The incident is the latest in a string of attacks on ships in the Gulf of Guinea that experts say is threatening an emerging trade hub and growing source of oil, metals and agricultural products to world markets.
“Armed men boarded the product tanker, which was in the midst of a ship-to-ship transfer about 62 nautical miles southwest of the port of Cotonou, and hijacked it,” IMB manager Cyrus Mody told Reuters.
He said the ship was being sailed by the armed men to an unknown location, and added he had no details on the nationalities of the crew.
The head of Benin’s navy said the ship was the Cyprus-flagged Mattheos 1, and that it was too far off the coast for patrol boats to reach quickly.

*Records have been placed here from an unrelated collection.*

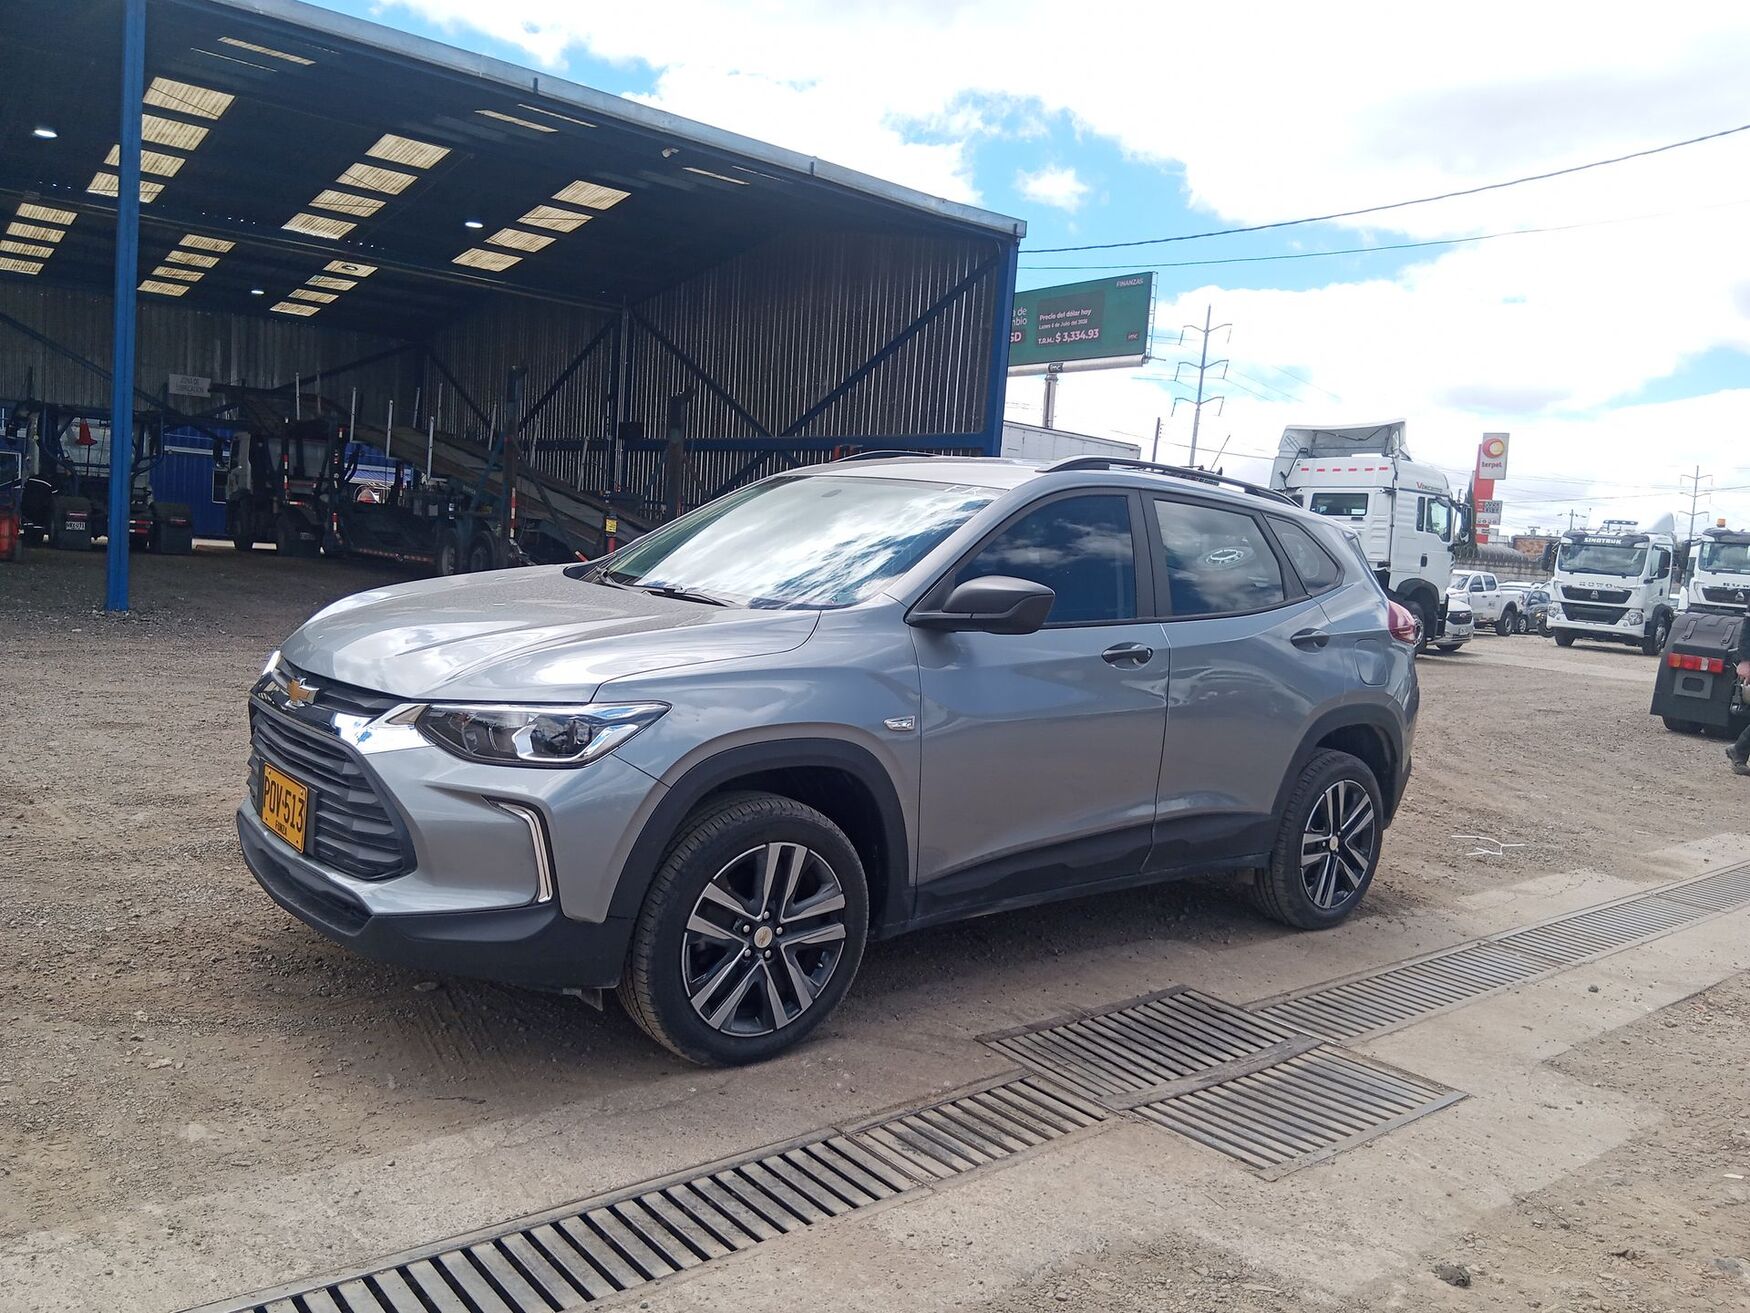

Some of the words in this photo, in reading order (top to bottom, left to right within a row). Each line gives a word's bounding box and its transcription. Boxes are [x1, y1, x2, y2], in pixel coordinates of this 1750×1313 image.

[1116, 278, 1144, 287] FINANZAS
[1017, 307, 1028, 316] de
[1039, 313, 1056, 321] Precio
[1057, 311, 1066, 319] del
[1081, 308, 1092, 318] hoy
[1583, 537, 1622, 545] SINOTRUK
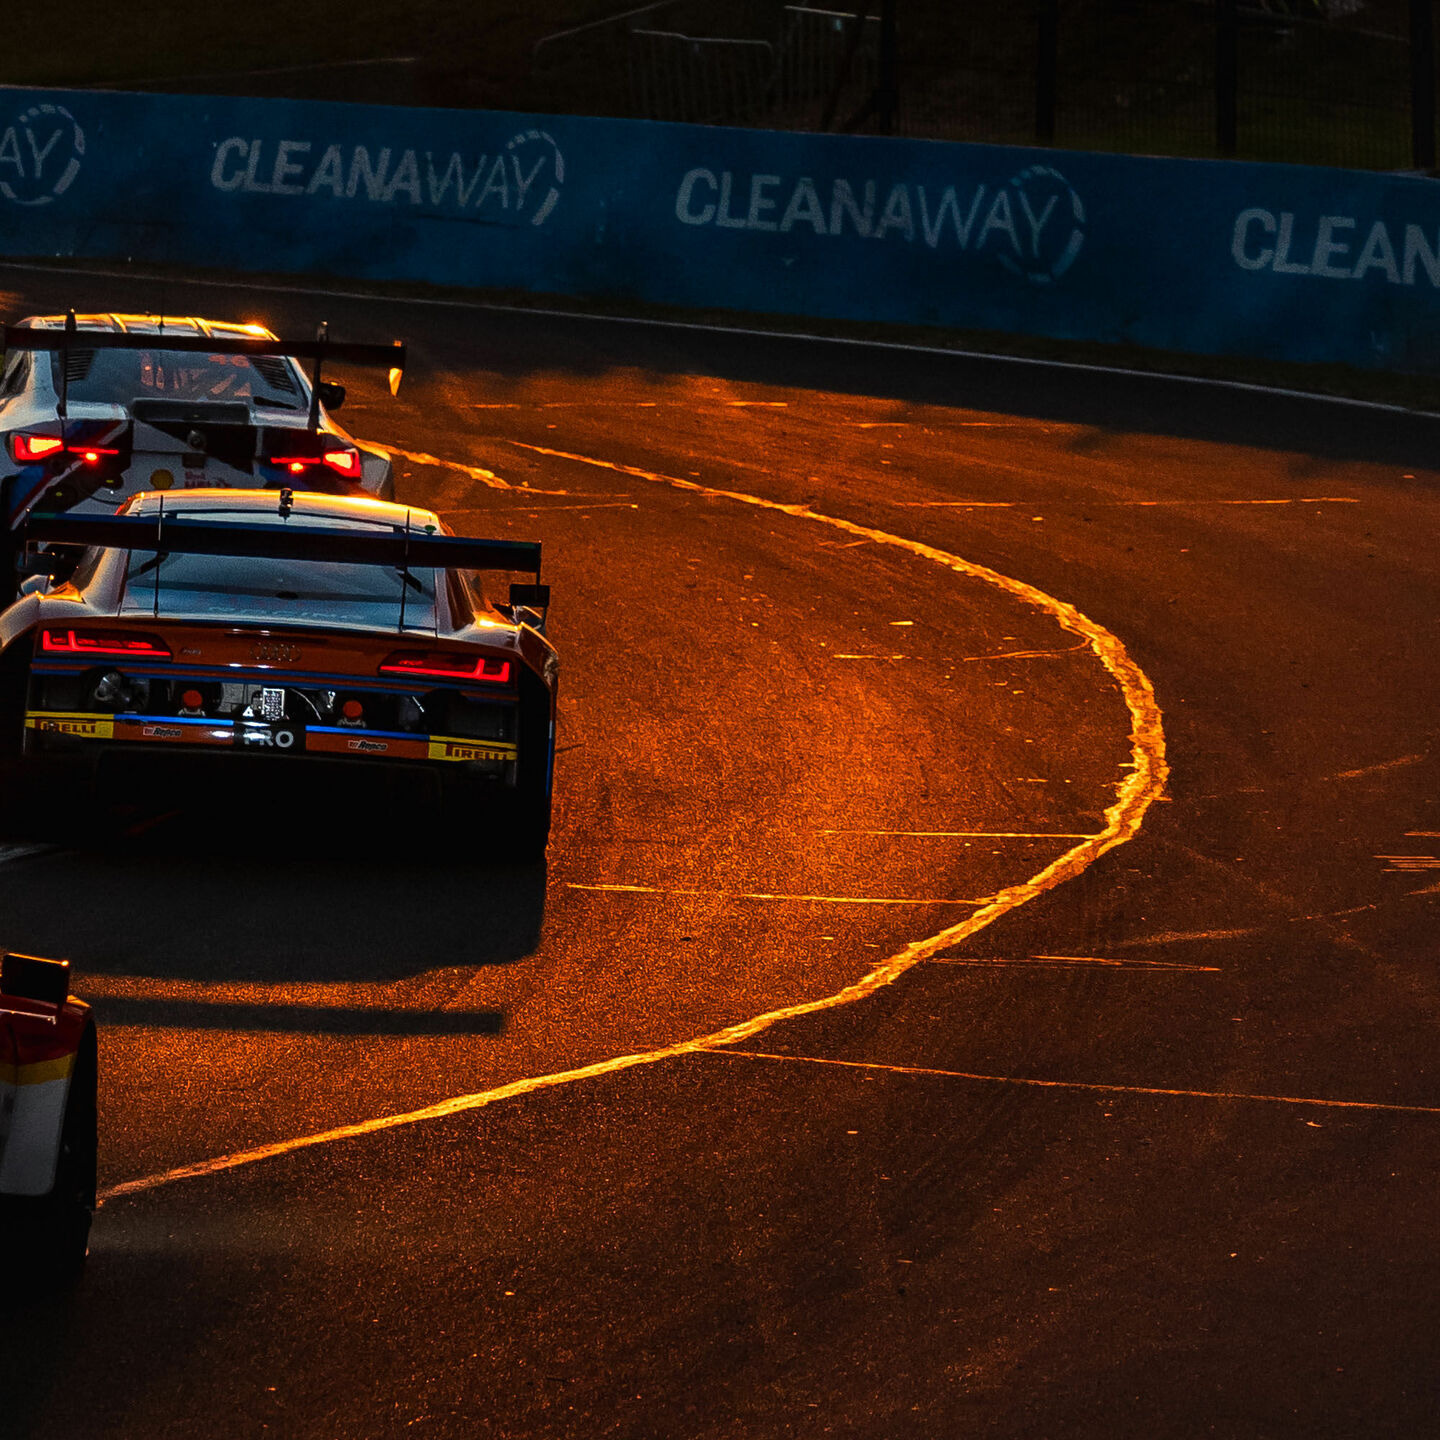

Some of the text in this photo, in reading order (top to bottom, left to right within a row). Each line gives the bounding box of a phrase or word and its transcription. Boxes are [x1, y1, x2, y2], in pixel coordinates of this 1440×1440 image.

[210, 136, 546, 211] CLEANAWAY
[676, 167, 1058, 257] CLEANAWAY
[1231, 208, 1440, 289] CLEAN
[244, 728, 294, 748] PRO

“We can’t intervene at the moment because of the distance,” Navy Chief Maxime Ahoyo told Reuters by telephone. “It would take us at least seven hours to reach the site.”
Ahoyo said pirates had also attacked the Nowegian-flagged Northern Bell, which was doing the cargo transfer with the Mattheos 1, but that the crew had locked themselves in the engine room and the pirates eventually left.
The IMB has recorded 19 pirate attacks off of Benin so far this year, from none in 2010 — a sign that pirates may be moving West of their traditional Nigerian stomping grounds.